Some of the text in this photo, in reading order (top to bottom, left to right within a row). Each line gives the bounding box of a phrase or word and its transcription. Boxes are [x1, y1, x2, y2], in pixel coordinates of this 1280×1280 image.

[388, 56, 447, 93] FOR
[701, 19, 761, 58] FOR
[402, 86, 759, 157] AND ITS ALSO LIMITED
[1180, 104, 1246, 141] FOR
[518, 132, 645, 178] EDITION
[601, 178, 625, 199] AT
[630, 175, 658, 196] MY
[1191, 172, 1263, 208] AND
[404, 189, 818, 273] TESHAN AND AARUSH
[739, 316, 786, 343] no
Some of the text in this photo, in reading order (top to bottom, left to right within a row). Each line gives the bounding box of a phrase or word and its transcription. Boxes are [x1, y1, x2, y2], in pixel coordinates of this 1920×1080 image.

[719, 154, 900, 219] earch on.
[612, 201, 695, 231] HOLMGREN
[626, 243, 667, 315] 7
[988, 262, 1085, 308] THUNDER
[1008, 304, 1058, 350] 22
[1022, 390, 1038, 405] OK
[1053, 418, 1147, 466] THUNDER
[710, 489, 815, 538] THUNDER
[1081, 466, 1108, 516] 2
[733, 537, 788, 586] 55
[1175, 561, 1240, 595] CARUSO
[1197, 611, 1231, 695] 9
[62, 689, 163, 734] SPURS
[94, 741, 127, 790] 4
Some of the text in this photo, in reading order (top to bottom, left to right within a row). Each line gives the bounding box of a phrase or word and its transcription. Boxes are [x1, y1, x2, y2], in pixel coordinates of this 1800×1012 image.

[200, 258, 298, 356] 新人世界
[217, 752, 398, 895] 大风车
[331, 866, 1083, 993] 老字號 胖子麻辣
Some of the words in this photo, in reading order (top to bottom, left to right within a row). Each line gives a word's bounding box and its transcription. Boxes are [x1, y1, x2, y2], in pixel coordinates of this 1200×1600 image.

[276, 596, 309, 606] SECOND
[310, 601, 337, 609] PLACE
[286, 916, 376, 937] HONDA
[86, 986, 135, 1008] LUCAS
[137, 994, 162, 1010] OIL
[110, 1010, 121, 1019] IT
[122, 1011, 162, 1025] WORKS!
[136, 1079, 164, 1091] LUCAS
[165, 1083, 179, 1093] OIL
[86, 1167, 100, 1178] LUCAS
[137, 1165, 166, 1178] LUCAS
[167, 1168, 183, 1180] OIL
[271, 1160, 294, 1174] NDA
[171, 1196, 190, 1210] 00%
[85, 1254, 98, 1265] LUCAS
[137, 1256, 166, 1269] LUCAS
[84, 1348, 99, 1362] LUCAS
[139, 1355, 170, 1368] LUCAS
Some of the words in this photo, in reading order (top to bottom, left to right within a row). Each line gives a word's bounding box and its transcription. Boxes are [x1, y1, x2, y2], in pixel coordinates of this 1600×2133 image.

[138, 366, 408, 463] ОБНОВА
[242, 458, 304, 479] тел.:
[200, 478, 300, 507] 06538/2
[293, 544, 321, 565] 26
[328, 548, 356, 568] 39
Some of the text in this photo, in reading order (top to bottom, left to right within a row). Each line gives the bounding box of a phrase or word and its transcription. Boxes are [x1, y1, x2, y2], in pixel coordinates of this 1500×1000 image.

________

* ABOUT THIS EXERCISE *
Reprint every entry exactly.

* SOLUTION FOR THIS PROBLEM *
Some of the text in this photo, in reading order (top to bottom, left to right within a row). Each line gives the bounding box of a phrase or word and its transcription. Boxes are [x1, y1, x2, y2], in pixel coordinates of this 1280×1280 image.

[388, 56, 447, 93] FOR
[701, 19, 761, 58] FOR
[402, 86, 759, 157] AND ITS ALSO LIMITED
[1180, 104, 1246, 141] FOR
[518, 132, 645, 178] EDITION
[601, 178, 625, 199] AT
[630, 175, 658, 196] MY
[1191, 172, 1263, 208] AND
[404, 189, 818, 273] TESHAN AND AARUSH
[739, 316, 786, 343] no
Some of the text in this photo, in reading order (top to bottom, left to right within a row). Each line gives the bounding box of a phrase or word and its transcription. Boxes are [x1, y1, x2, y2], in pixel coordinates of this 1920×1080 image.

[719, 154, 900, 219] earch on.
[612, 201, 695, 231] HOLMGREN
[626, 243, 667, 315] 7
[988, 262, 1085, 308] THUNDER
[1008, 304, 1058, 350] 22
[1022, 390, 1038, 405] OK
[1053, 418, 1147, 466] THUNDER
[710, 489, 815, 538] THUNDER
[1081, 466, 1108, 516] 2
[733, 537, 788, 586] 55
[1175, 561, 1240, 595] CARUSO
[1197, 611, 1231, 695] 9
[62, 689, 163, 734] SPURS
[94, 741, 127, 790] 4
Some of the text in this photo, in reading order (top to bottom, left to right within a row). Each line gives the bounding box of a phrase or word and its transcription. Boxes are [x1, y1, x2, y2], in pixel coordinates of this 1800×1012 image.

[200, 258, 298, 356] 新人世界
[217, 752, 398, 895] 大风车
[331, 866, 1083, 993] 老字號 胖子麻辣
Some of the words in this photo, in reading order (top to bottom, left to right within a row). Each line gives a word's bounding box and its transcription. Boxes are [x1, y1, x2, y2], in pixel coordinates of this 1200×1600 image.

[276, 596, 309, 606] SECOND
[310, 601, 337, 609] PLACE
[286, 916, 376, 937] HONDA
[86, 986, 135, 1008] LUCAS
[137, 994, 162, 1010] OIL
[110, 1010, 121, 1019] IT
[122, 1011, 162, 1025] WORKS!
[136, 1079, 164, 1091] LUCAS
[165, 1083, 179, 1093] OIL
[86, 1167, 100, 1178] LUCAS
[137, 1165, 166, 1178] LUCAS
[167, 1168, 183, 1180] OIL
[271, 1160, 294, 1174] NDA
[171, 1196, 190, 1210] 00%
[85, 1254, 98, 1265] LUCAS
[137, 1256, 166, 1269] LUCAS
[84, 1348, 99, 1362] LUCAS
[139, 1355, 170, 1368] LUCAS
Some of the words in this photo, in reading order (top to bottom, left to right within a row). Each line gives a word's bounding box and its transcription. Boxes are [x1, y1, x2, y2], in pixel coordinates of this 1600×2133 image.

[138, 366, 408, 463] ОБНОВА
[242, 458, 304, 479] тел.:
[200, 478, 300, 507] 06538/2
[293, 544, 321, 565] 26
[328, 548, 356, 568] 39
Some of the text in this photo, in reading order (top to bottom, left to right within a row). Each line gives the bounding box of a phrase or word and its transcription. Boxes are [x1, y1, x2, y2], in pixel coordinates of this 1500×1000 image.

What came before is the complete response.